Saved entries:
----------------------------------------
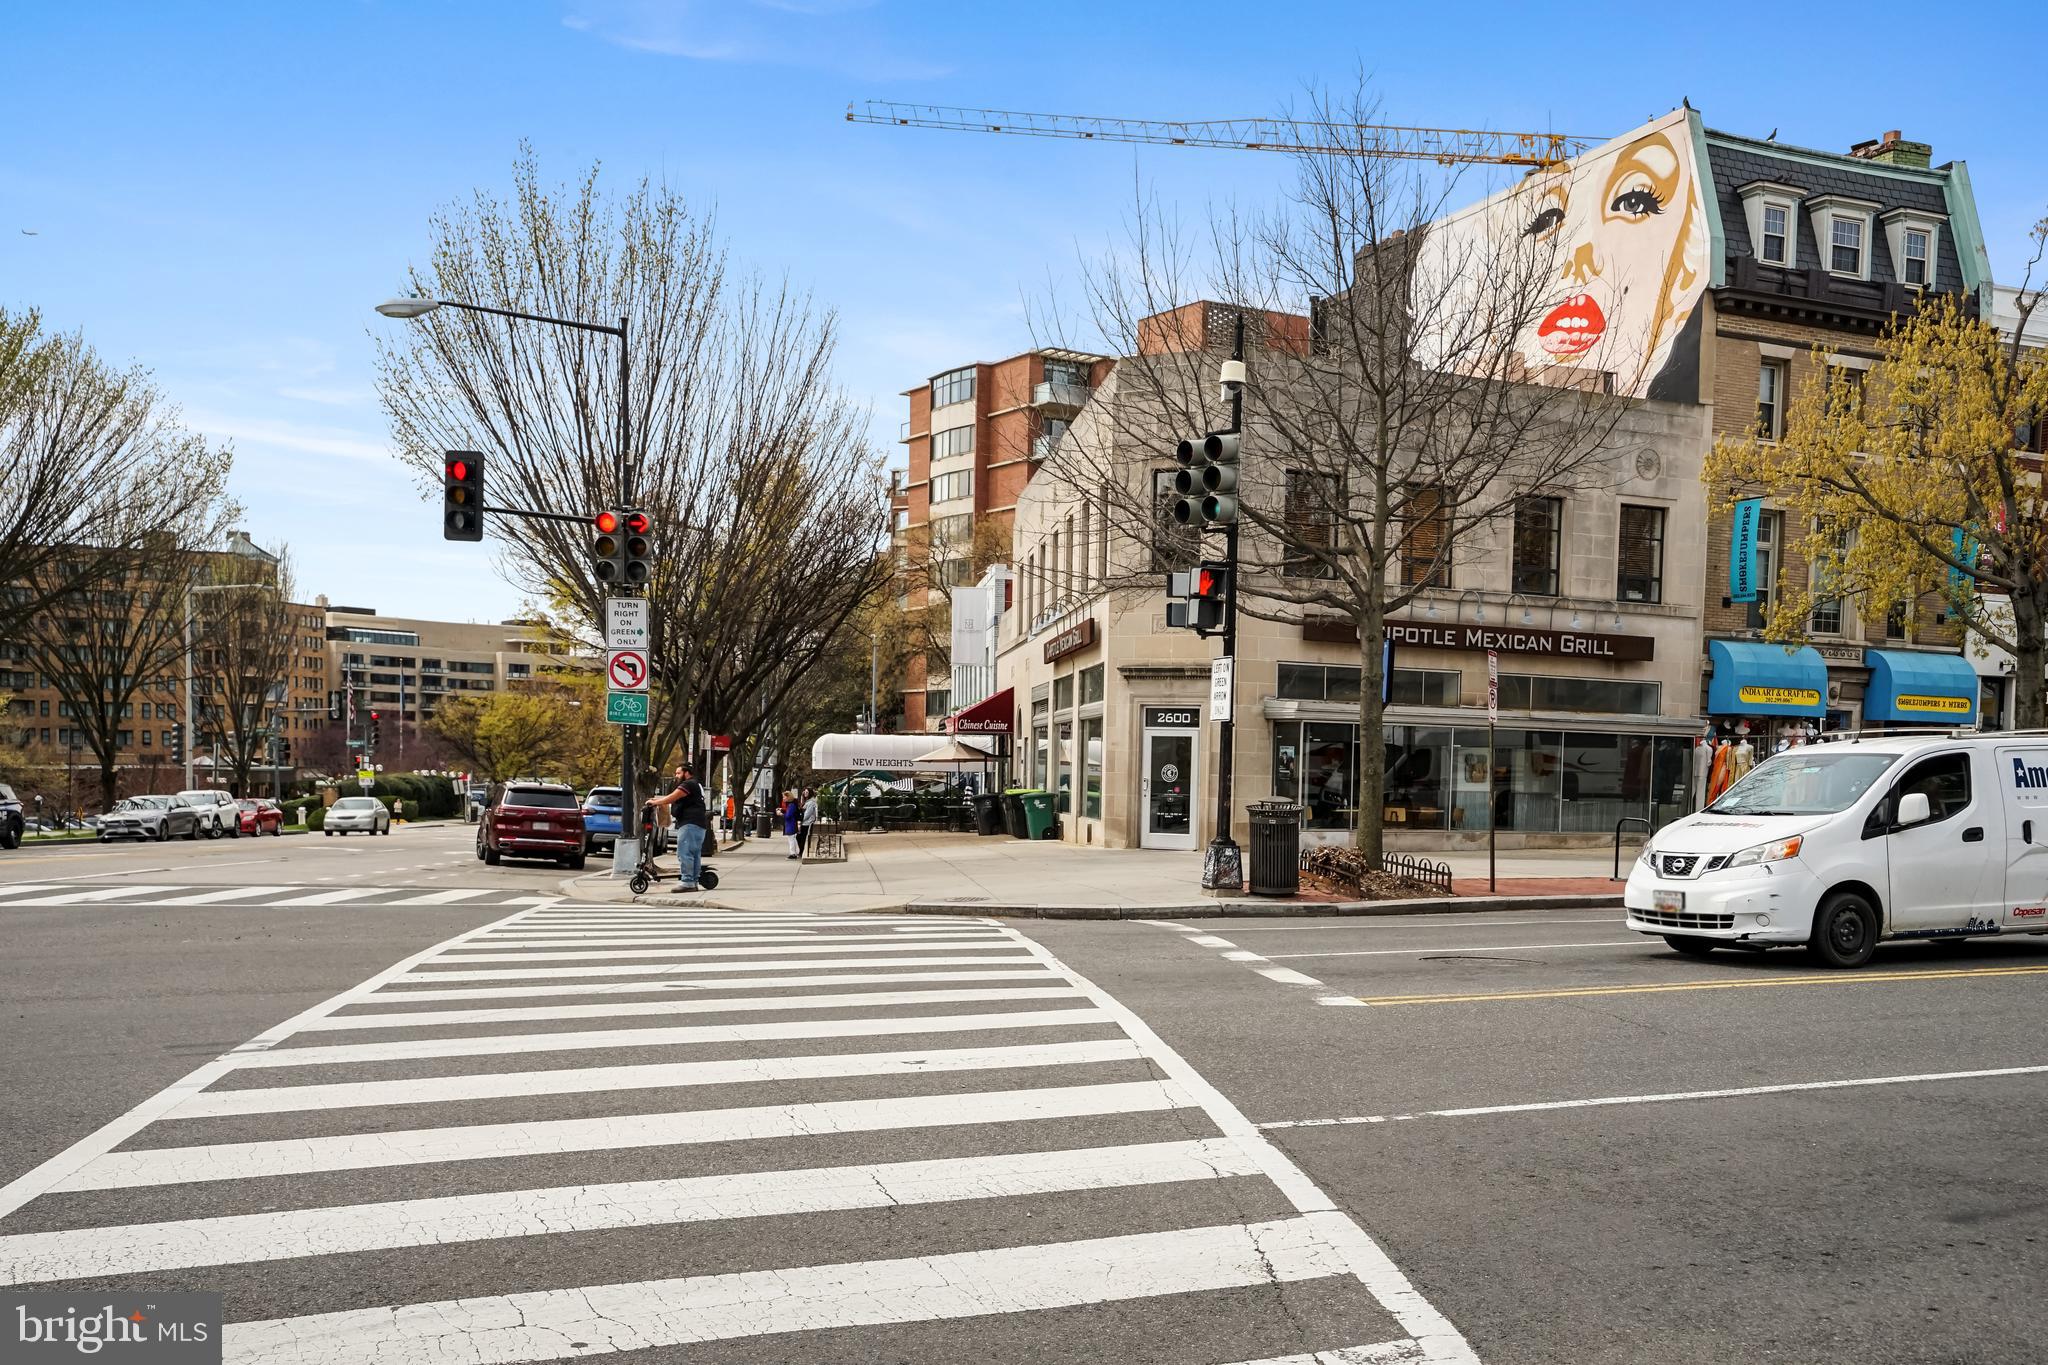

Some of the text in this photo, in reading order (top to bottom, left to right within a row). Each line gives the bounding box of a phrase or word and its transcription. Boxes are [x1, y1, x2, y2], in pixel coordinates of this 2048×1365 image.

[1738, 505, 1752, 593] SMOKEJUMPERS
[616, 601, 639, 609] TURN
[610, 628, 636, 636] GREEN
[1356, 625, 1614, 656] IPOTLE MEXICAN GRILL
[1742, 687, 1761, 696] INDIA
[1761, 688, 1775, 697] ART
[1775, 689, 1782, 697] &
[1157, 713, 1191, 723] 2600
[958, 719, 1009, 730] Chinese Cuisine
[852, 758, 914, 768] NEW HEIGHTS
[2013, 907, 2046, 918] Copesan
----------------------------------------
▸ YOUR TASK:
Each record above must be set down again unchanged, with its pictures left out.

▸ REPLY TO THE TASK:
Some of the text in this photo, in reading order (top to bottom, left to right within a row). Each line gives the bounding box of a phrase or word and its transcription. Boxes are [x1, y1, x2, y2], in pixel coordinates of this 2048×1365 image.

[1738, 505, 1752, 593] SMOKEJUMPERS
[616, 601, 639, 609] TURN
[610, 628, 636, 636] GREEN
[1356, 625, 1614, 656] IPOTLE MEXICAN GRILL
[1742, 687, 1761, 696] INDIA
[1761, 688, 1775, 697] ART
[1775, 689, 1782, 697] &
[1157, 713, 1191, 723] 2600
[958, 719, 1009, 730] Chinese Cuisine
[852, 758, 914, 768] NEW HEIGHTS
[2013, 907, 2046, 918] Copesan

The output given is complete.